|For Immediate Release:
April 20, 2012
Susan B. Long, TRAC (315) 443-3563
David Burnham, TRAC (202) 518-9000
|TRAC's Appeal of April 20, 2012|
|ICE Reponse to TRAC's FOIA Request|
|TRAC's FOIA Request of April 25, 2011|
|Help Support TRAC's FOIA Efforts|
|Other TRAC FOIA Activities|
Syracuse, N.Y. — On April 20 the Transactional Records Access Clearinghouse (TRAC) appealed to Immigration and Customs Enforcement (ICE) concerning its response to TRAC's April 25, 2011 request under the Freedom of Information Act (FOIA) for anonymous alien-by-alien data covering all individuals against whom the Department of Homeland Security had filed charges in Immigration Court.
After nearly a year on April 12, 2012 TRAC finally received a response dated April 5 from FOIA Officer Catrina M. Pavlik-Keenan in which she declined to provide any records. The rationale given was that the agency "cannot reliably identify" cases it has filed or has pending before the Immigration Courts. Rather than releasing what it claimed would be incomplete data the agency refused to release any information.
If truthful, the statement that ICE is unable to keep track of what cases it has filed in the Immigration Courts is an astounding admission, and one suggesting serious managerial problems within the agency. Clearly, the public has a strong interest in determining the extent to which the agency may have lost track of the cases it has filed in the Immigration Courts.
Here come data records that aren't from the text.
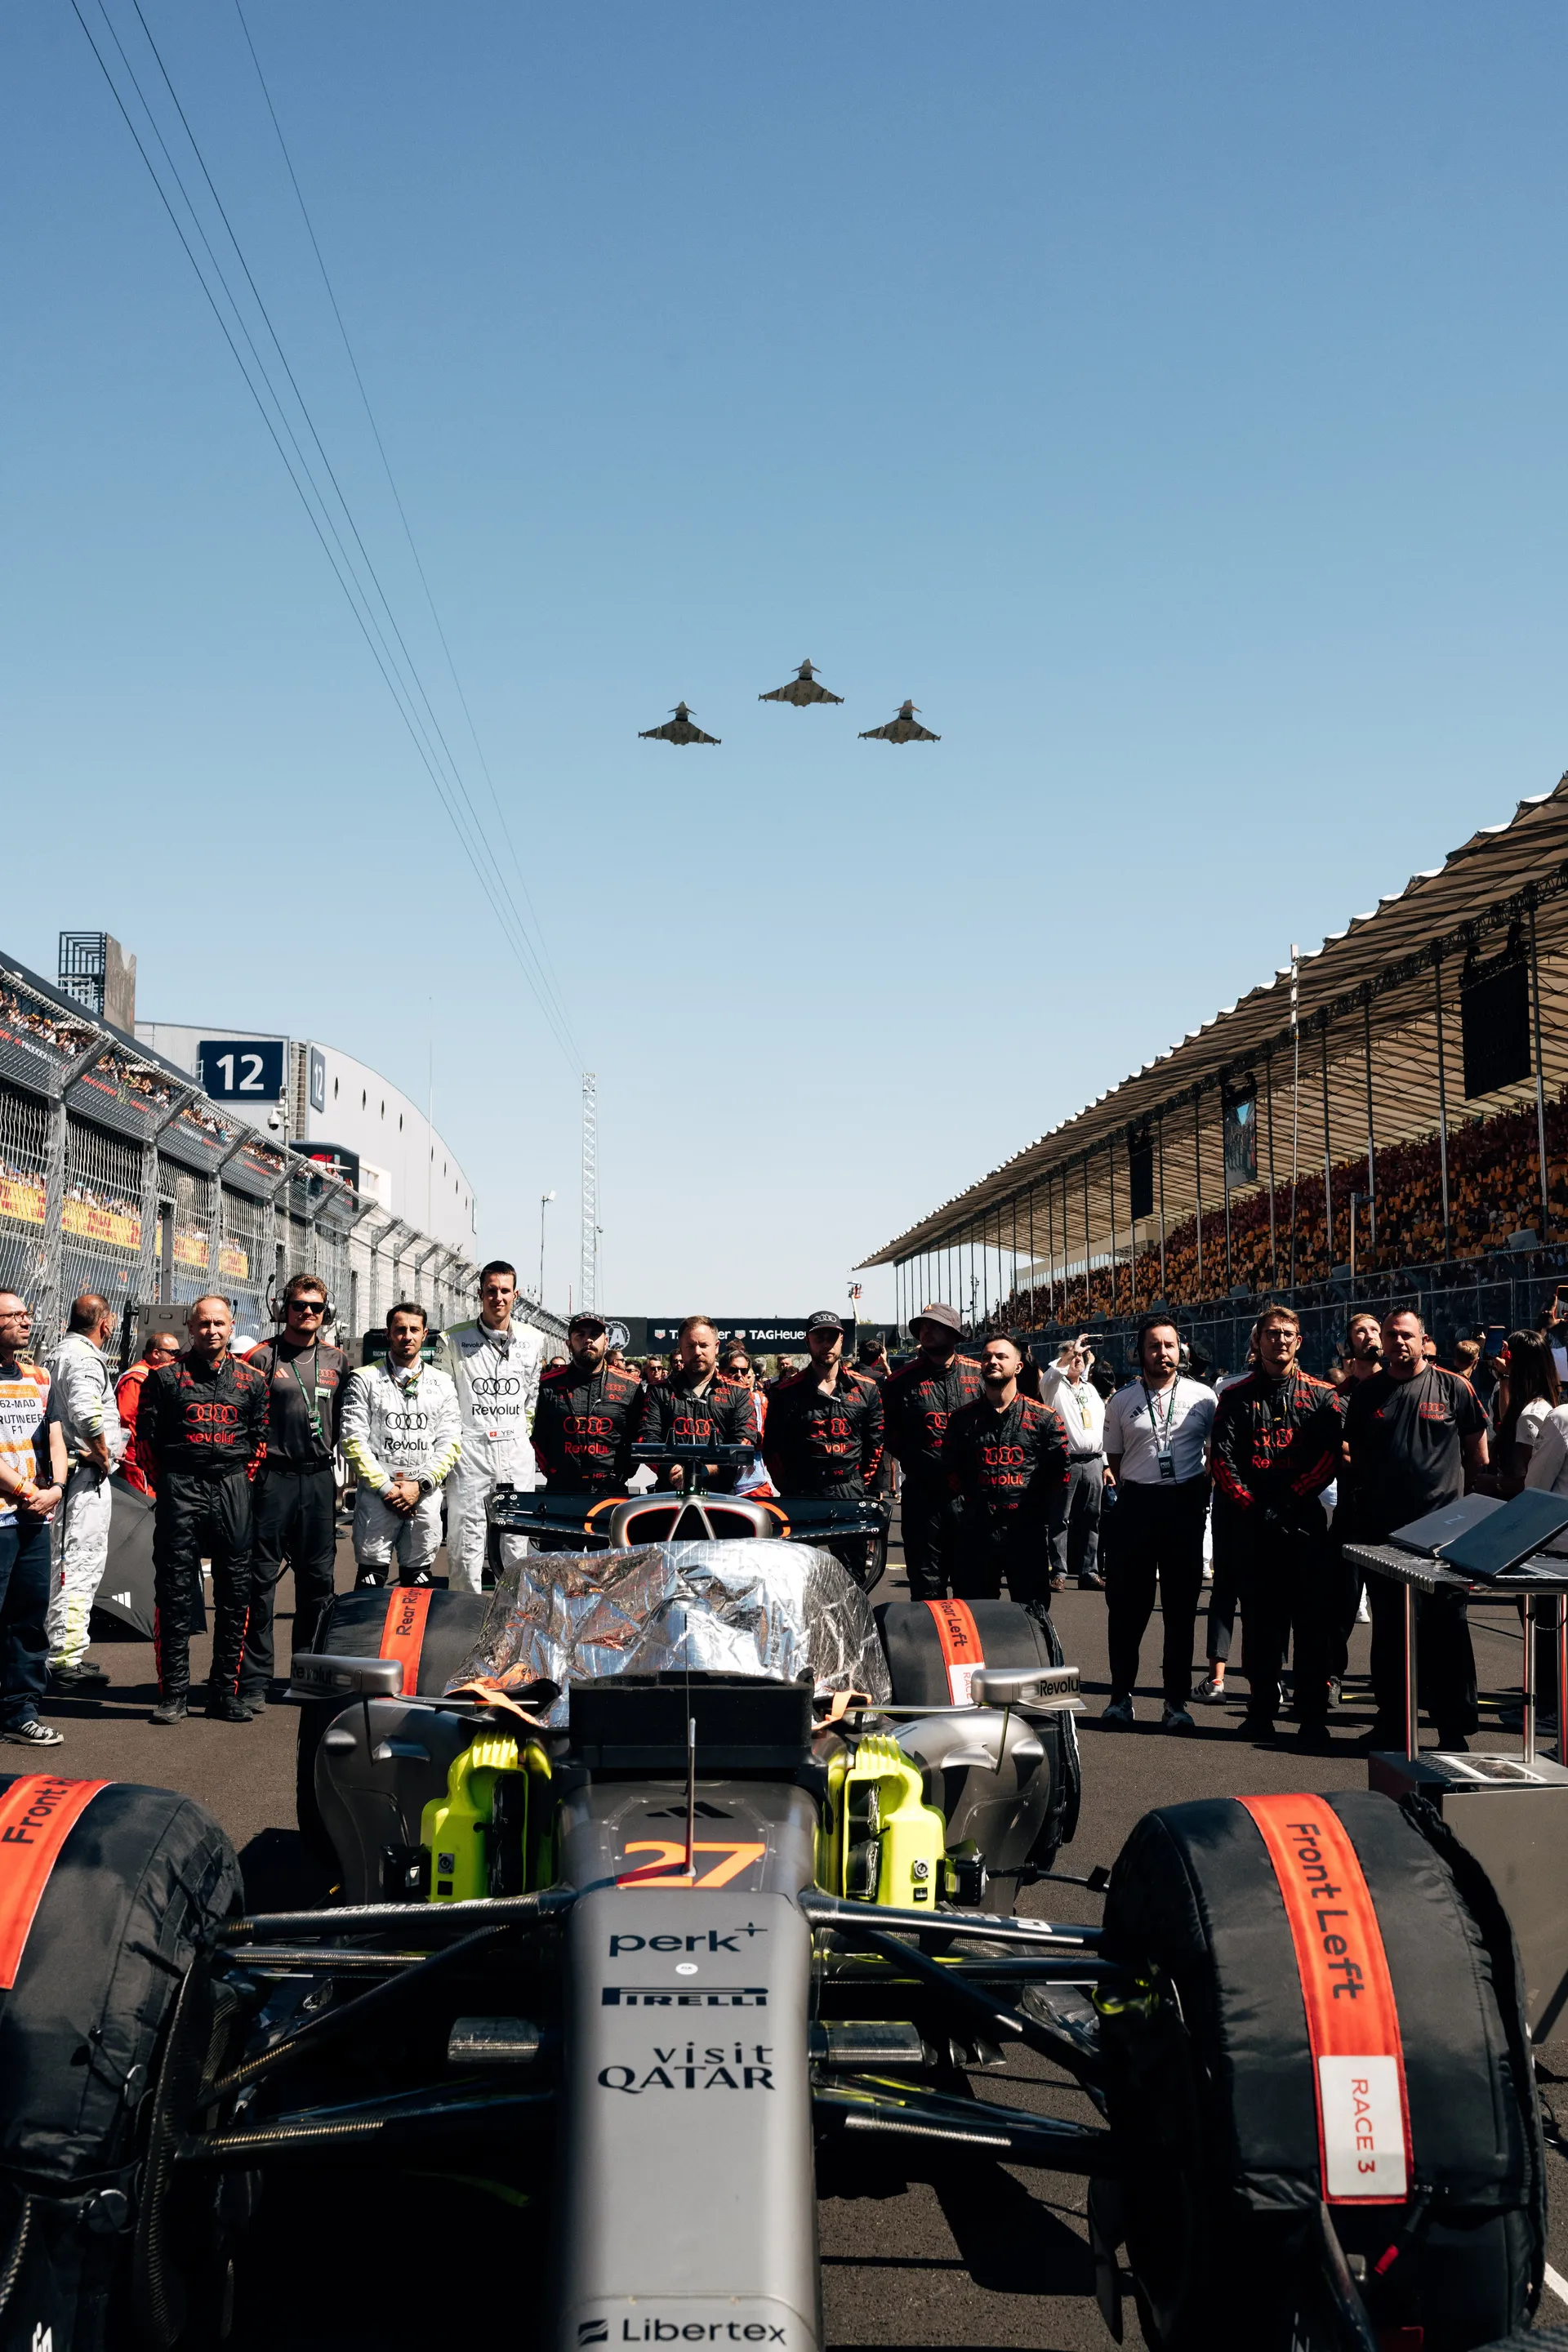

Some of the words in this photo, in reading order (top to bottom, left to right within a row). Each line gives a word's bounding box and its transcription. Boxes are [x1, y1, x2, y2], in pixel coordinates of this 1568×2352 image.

[216, 1054, 265, 1091] 12
[314, 1063, 323, 1101] 12
[472, 1404, 520, 1415] Revolut
[185, 1431, 236, 1445] Revolut
[384, 1437, 430, 1451] Revolu
[396, 1606, 416, 1636] Rear
[947, 1618, 969, 1648] Left
[0, 1788, 69, 1844] Front
[616, 1841, 766, 1889] 27
[1286, 1823, 1343, 1901] Front
[1316, 1909, 1365, 2000] Left
[601, 1987, 769, 2006] PIRELLI
[653, 2041, 774, 2065] visit
[597, 2065, 777, 2095] QATAR
[1350, 2078, 1375, 2151] RACE
[1357, 2160, 1376, 2174] 3
[622, 2319, 787, 2346] Libertex
While it may be embarrassing for the agency to release records documenting how often it loses track of such cases, the inability to identify all court cases does not provide any legal justification for withholding those records which can be located.
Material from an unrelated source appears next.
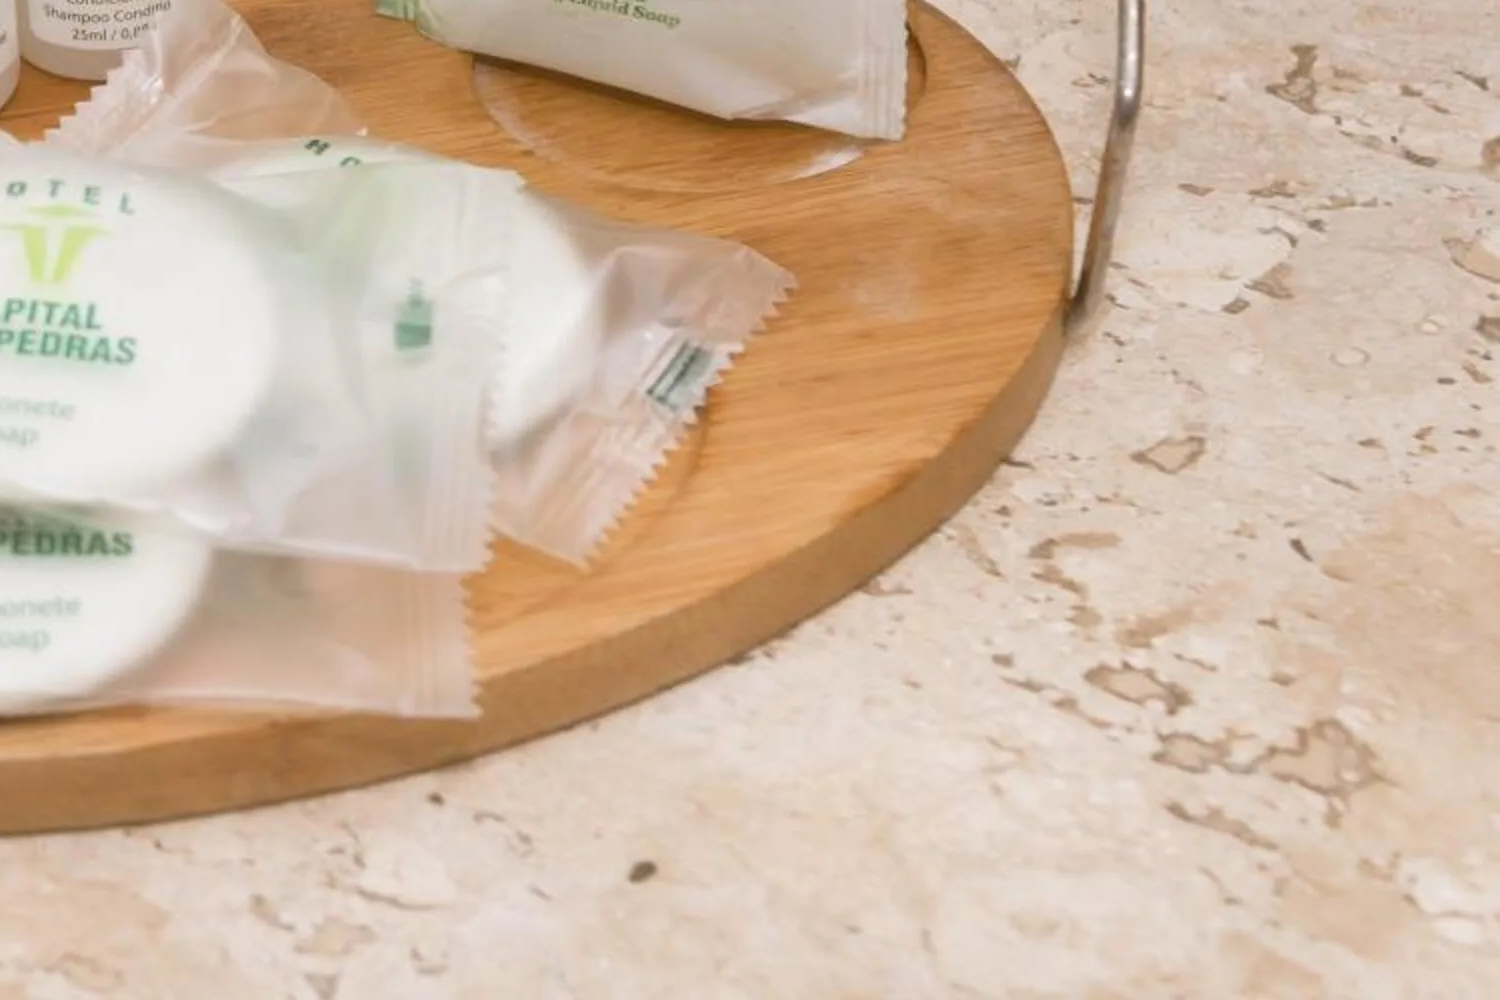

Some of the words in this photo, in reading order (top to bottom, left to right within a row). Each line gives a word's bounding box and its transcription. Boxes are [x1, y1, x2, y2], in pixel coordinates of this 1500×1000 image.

[44, 3, 110, 25] Shampoo
[632, 5, 682, 29] Soap
[71, 27, 107, 41] 25ml
Among the items of information being withheld are information on the location and nature of the original arrest that led to ICE custody, the DHS program — secure communities, project streamline, criminal alien program, etc. — responsible, specifics of any crimes (if any) committed by the individual, the age, current legal status and family ties, as well as the basis for ICE's claim that the Immigration Court should order the individual deported.